§ **SUPPLIED DATA**
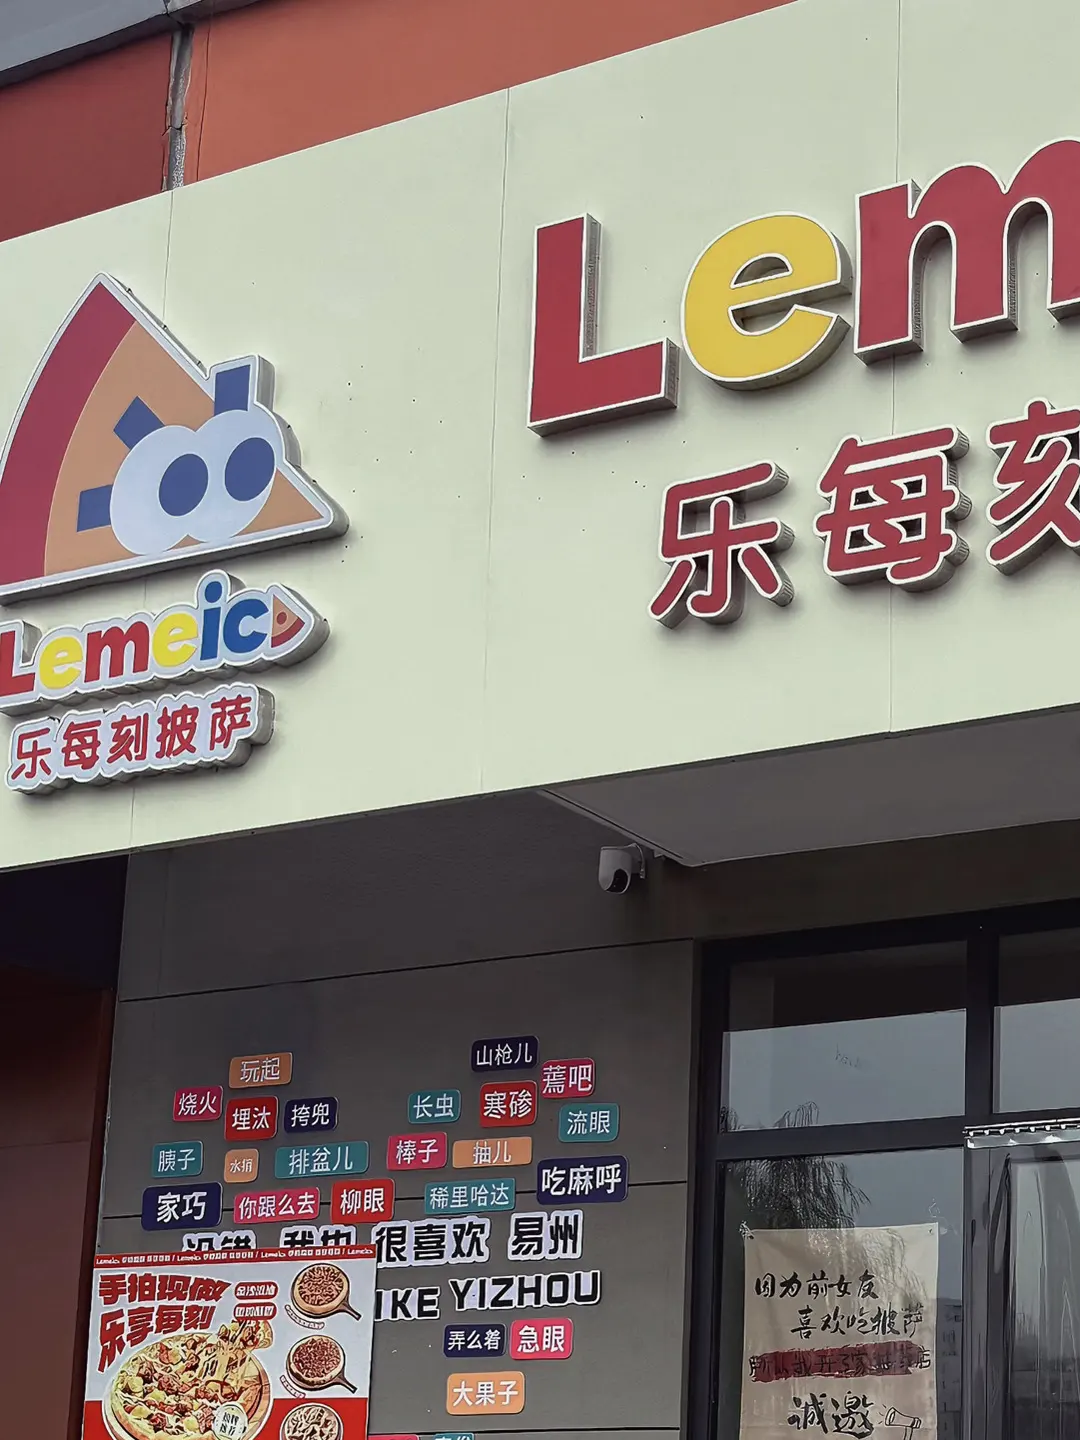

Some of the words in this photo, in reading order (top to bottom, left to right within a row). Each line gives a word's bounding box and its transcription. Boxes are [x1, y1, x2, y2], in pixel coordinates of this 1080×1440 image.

[0, 580, 270, 697] Lemeic
[11, 694, 252, 781] 乐每刻披萨
[240, 1057, 280, 1083] 玩起
[542, 1065, 593, 1094] 蔫吧
[178, 1091, 217, 1116] 烧火
[231, 1106, 272, 1130] 埋汰
[291, 1102, 330, 1128] 挎兜
[412, 1093, 454, 1119] 长虫
[483, 1089, 533, 1119] 寒碜
[158, 1149, 196, 1173] 胰子
[289, 1146, 353, 1175] 排盆儿
[396, 1139, 439, 1165] 棒子
[541, 1163, 622, 1196] 吃麻呼
[156, 1191, 208, 1222] 家巧
[238, 1193, 315, 1223] 你跟么去
[339, 1188, 385, 1216] 柳眼
[429, 1182, 510, 1210] 稀里哈达
[375, 1220, 487, 1264] 很喜欢
[511, 1213, 580, 1256] 易州
[98, 1272, 232, 1306] 手拍现做
[449, 1271, 600, 1310] YIZHOU
[754, 1270, 878, 1301] 因为前女友
[790, 1304, 925, 1339] 喜欢吃披萨
[97, 1304, 217, 1373] 乐享每刻
[516, 1325, 565, 1353] 急眼
[452, 1380, 519, 1407] 大果子
[787, 1391, 875, 1439] 诚邀

§ **THE TASK**
Above are records with pictures; repeat the records exactly and leave the pictures out.

§ **SOLUTION BELOW**
Some of the words in this photo, in reading order (top to bottom, left to right within a row). Each line gives a word's bounding box and its transcription. Boxes are [x1, y1, x2, y2], in pixel coordinates of this 1080×1440 image.

[0, 580, 270, 697] Lemeic
[11, 694, 252, 781] 乐每刻披萨
[240, 1057, 280, 1083] 玩起
[542, 1065, 593, 1094] 蔫吧
[178, 1091, 217, 1116] 烧火
[231, 1106, 272, 1130] 埋汰
[291, 1102, 330, 1128] 挎兜
[412, 1093, 454, 1119] 长虫
[483, 1089, 533, 1119] 寒碜
[158, 1149, 196, 1173] 胰子
[289, 1146, 353, 1175] 排盆儿
[396, 1139, 439, 1165] 棒子
[541, 1163, 622, 1196] 吃麻呼
[156, 1191, 208, 1222] 家巧
[238, 1193, 315, 1223] 你跟么去
[339, 1188, 385, 1216] 柳眼
[429, 1182, 510, 1210] 稀里哈达
[375, 1220, 487, 1264] 很喜欢
[511, 1213, 580, 1256] 易州
[98, 1272, 232, 1306] 手拍现做
[449, 1271, 600, 1310] YIZHOU
[754, 1270, 878, 1301] 因为前女友
[790, 1304, 925, 1339] 喜欢吃披萨
[97, 1304, 217, 1373] 乐享每刻
[516, 1325, 565, 1353] 急眼
[452, 1380, 519, 1407] 大果子
[787, 1391, 875, 1439] 诚邀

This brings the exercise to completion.